*WORK REQUEST*
Below are the entries; set down each of them exactly.

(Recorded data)

-- -- --

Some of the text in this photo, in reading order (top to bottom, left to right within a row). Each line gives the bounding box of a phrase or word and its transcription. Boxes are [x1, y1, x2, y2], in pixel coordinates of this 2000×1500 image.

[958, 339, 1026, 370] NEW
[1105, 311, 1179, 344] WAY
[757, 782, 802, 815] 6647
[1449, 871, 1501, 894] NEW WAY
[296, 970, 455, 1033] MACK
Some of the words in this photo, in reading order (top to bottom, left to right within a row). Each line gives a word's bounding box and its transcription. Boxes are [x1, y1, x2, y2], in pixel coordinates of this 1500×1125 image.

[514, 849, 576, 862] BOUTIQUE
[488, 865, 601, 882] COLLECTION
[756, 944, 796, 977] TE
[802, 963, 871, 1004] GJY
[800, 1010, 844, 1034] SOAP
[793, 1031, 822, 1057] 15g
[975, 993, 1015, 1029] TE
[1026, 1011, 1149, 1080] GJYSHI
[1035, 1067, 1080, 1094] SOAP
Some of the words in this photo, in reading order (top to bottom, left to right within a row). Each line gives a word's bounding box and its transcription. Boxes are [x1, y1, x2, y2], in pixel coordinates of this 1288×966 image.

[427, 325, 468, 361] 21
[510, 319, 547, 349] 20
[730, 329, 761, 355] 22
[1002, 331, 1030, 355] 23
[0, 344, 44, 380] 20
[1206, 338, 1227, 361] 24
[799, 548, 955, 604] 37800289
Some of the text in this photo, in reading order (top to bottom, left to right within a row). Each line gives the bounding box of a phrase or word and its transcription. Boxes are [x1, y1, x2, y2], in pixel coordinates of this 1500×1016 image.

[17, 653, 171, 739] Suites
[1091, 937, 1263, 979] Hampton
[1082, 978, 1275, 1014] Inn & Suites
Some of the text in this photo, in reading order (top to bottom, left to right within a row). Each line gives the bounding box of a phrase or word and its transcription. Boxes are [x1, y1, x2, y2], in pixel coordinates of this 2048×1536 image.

-- -- --

*RESULT OF THE TASK*
Some of the text in this photo, in reading order (top to bottom, left to right within a row). Each line gives the bounding box of a phrase or word and its transcription. Boxes are [x1, y1, x2, y2], in pixel coordinates of this 2000×1500 image.

[958, 339, 1026, 370] NEW
[1105, 311, 1179, 344] WAY
[757, 782, 802, 815] 6647
[1449, 871, 1501, 894] NEW WAY
[296, 970, 455, 1033] MACK
Some of the words in this photo, in reading order (top to bottom, left to right within a row). Each line gives a word's bounding box and its transcription. Boxes are [x1, y1, x2, y2], in pixel coordinates of this 1500×1125 image.

[514, 849, 576, 862] BOUTIQUE
[488, 865, 601, 882] COLLECTION
[756, 944, 796, 977] TE
[802, 963, 871, 1004] GJY
[800, 1010, 844, 1034] SOAP
[793, 1031, 822, 1057] 15g
[975, 993, 1015, 1029] TE
[1026, 1011, 1149, 1080] GJYSHI
[1035, 1067, 1080, 1094] SOAP
Some of the words in this photo, in reading order (top to bottom, left to right within a row). Each line gives a word's bounding box and its transcription. Boxes are [x1, y1, x2, y2], in pixel coordinates of this 1288×966 image.

[427, 325, 468, 361] 21
[510, 319, 547, 349] 20
[730, 329, 761, 355] 22
[1002, 331, 1030, 355] 23
[0, 344, 44, 380] 20
[1206, 338, 1227, 361] 24
[799, 548, 955, 604] 37800289
Some of the text in this photo, in reading order (top to bottom, left to right within a row). Each line gives the bounding box of a phrase or word and its transcription. Boxes are [x1, y1, x2, y2], in pixel coordinates of this 1500×1016 image.

[17, 653, 171, 739] Suites
[1091, 937, 1263, 979] Hampton
[1082, 978, 1275, 1014] Inn & Suites
Some of the text in this photo, in reading order (top to bottom, left to right within a row). Each line gives the bounding box of a phrase or word and its transcription. Boxes are [x1, y1, x2, y2], in pixel coordinates of this 2048×1536 image.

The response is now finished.